Dus starten we met de therapie, net nadat ze uit het ziekenhuis is thuisgekomen. Maar wat vindt ze het allemaal eng. Ze denkt dat ze niet meer kan staan, dat het been niet meer kan bewegen, dat ze pijn gaat krijgen. Eigenlijk durft ze niks en het komt vast nooit meer goed.

Ze ziet slecht en soms weet ze niet meer precies welke dag het is. Om deze redenen weet ze soms ook niet wie ik ben. Dan kom ik binnen en zegt ze: ‘Kind, wat ben ik blij dat je er bent.’
Meestal heeft dat te maken met het feit dat ze denkt dat ik voor de koffie kom of voor het afwasje of voor de toiletgang.

Als ik duidelijk maak dat ik kom om te oefenen, zegt ze: ‘Ik denk niet dat het vandaag lukt hoor.’
Soms moet ik alles uit de kast halen om haar uit haar stoel te krijgen en gaat ze mee omdat ik het zo graag wil.

Vandaag is zo’n dag. Ze zit met haar ogen dicht in de stoel en reageert erg lauw als ik binnen kom. Gelukkig gaat ze uiteindelijk met me mee. Ineens bedenk ik me dat ze graag piano speelt. Dus we lopen naar de lift en ik neem haar mee naar de piano.

‘Wilt u een stukje voor mij spelen?’ vraag ik.
‘Dat lukt toch nooit. Mijn handen zijn veel te stijf.’
Er volgen nog wat andere excuses. Ik vraag of ze het toch wil proberen. Na wat opstarten speelt ze dan uiteindelijk een lied dat ze zelf heeft geschreven voor haar trouwdag.
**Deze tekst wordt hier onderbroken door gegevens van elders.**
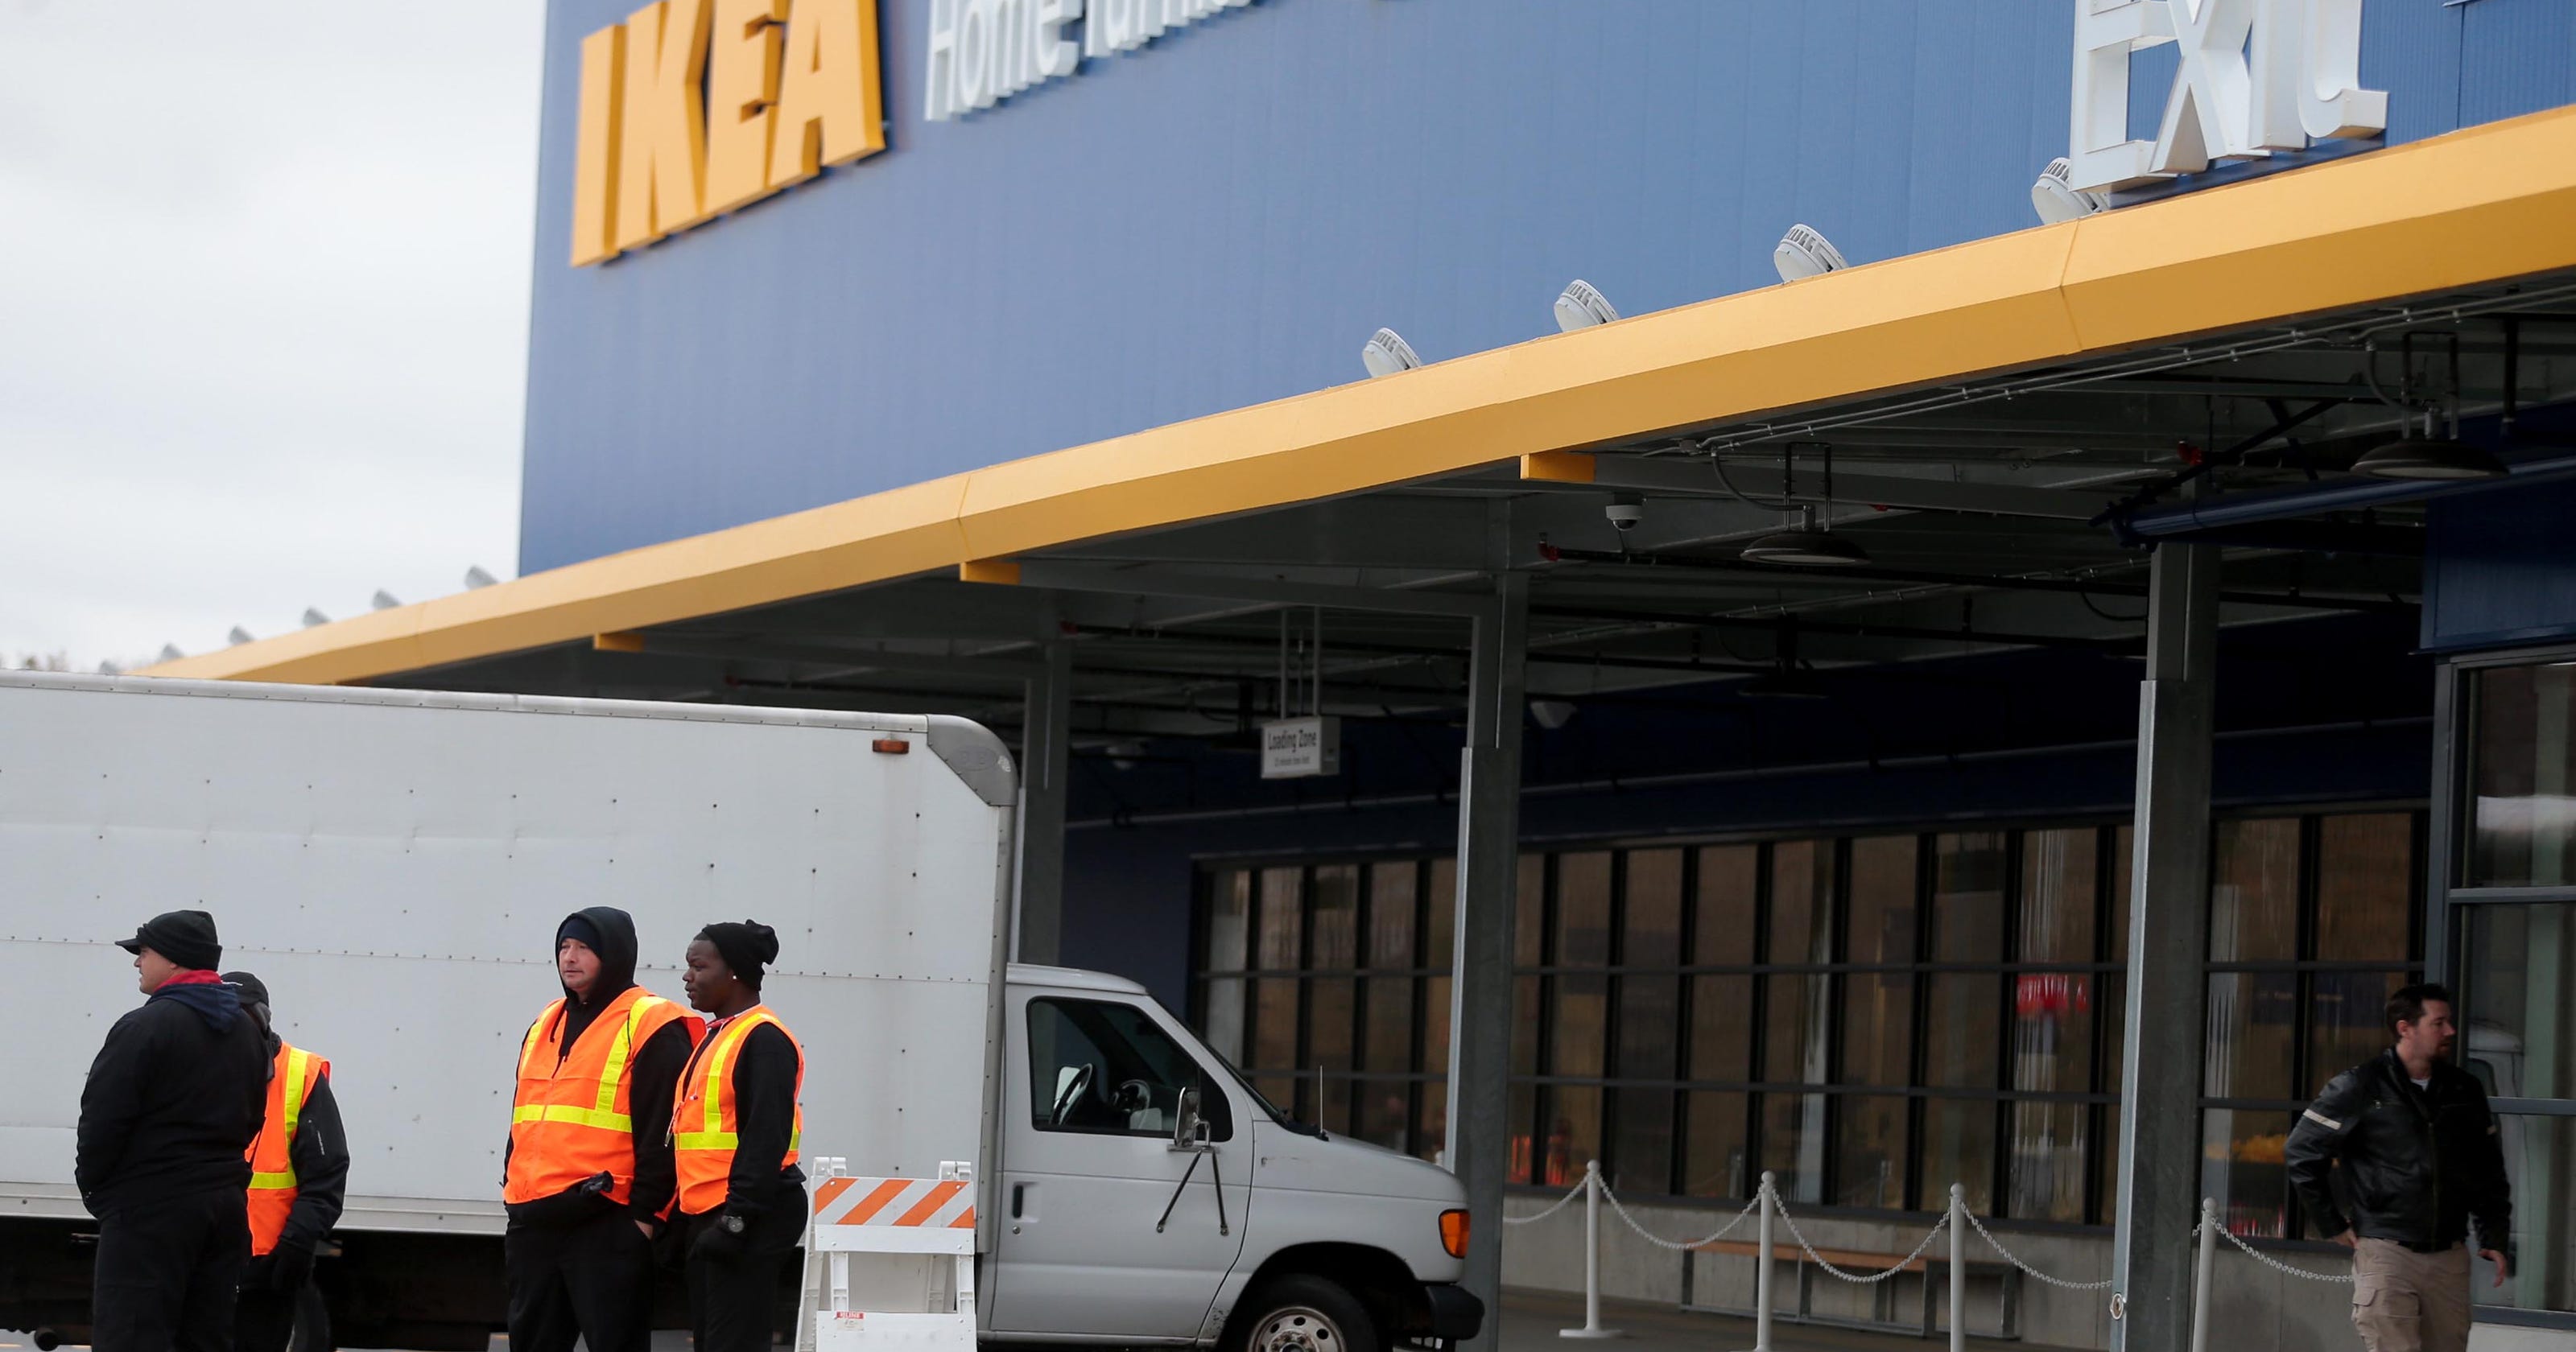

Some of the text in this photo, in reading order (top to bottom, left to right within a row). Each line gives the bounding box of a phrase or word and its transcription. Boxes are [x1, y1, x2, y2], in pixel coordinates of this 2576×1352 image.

[924, 0, 1083, 121] Home
[571, 0, 886, 268] IKEA
[1267, 728, 1317, 753] Loading Zone
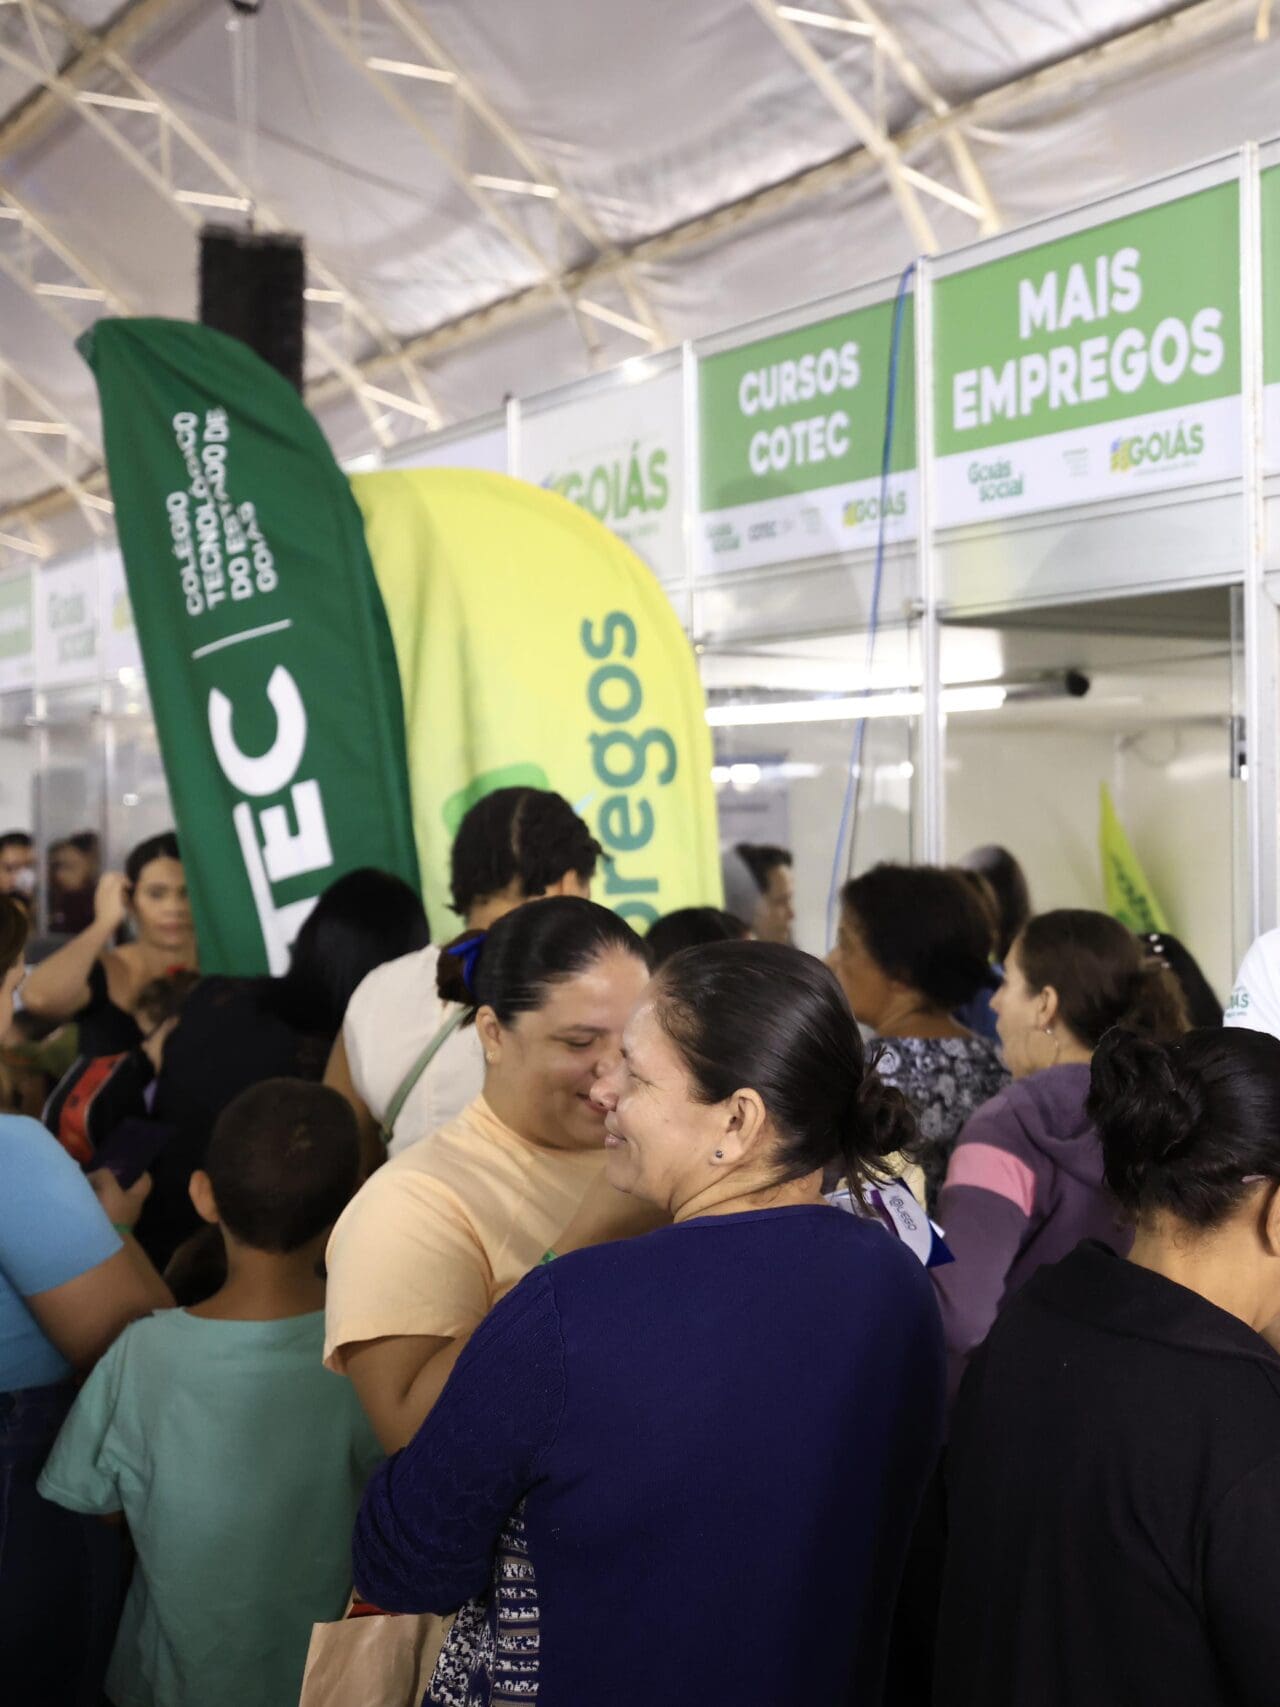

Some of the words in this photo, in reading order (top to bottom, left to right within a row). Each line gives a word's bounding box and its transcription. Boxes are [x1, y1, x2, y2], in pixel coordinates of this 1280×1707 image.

En oh…er hoort ook tekst bij:

Zeg weet je nog die dag, die stralende morgen in mei
Het was alles zo vrolijk, zo vreugdevol en blij
Wij gingen blij van zin tezamen de toekomt in
Waarop wij vertrouwden volkomen eens van zin

Later als we teruglopen, vertelt ze me dat ze het ook gespeeld heeft toen haar man er in de laatste dagen van zijn leven om vroeg. Ze zijn hun leven samen begonnen met dit lied en hebben het ook zo afgesloten. Ik bedank haar voor haar mooie spel en verhaal.

Het is vrijdag. De dag waarop ik met haar oefen. Ik loop naar haar kamer, doe de deur open en begroet haar.
‘Kind,’ zegt ze, ‘wat ben ik blij dat je er bent. Jij bent van de therapie, toch.’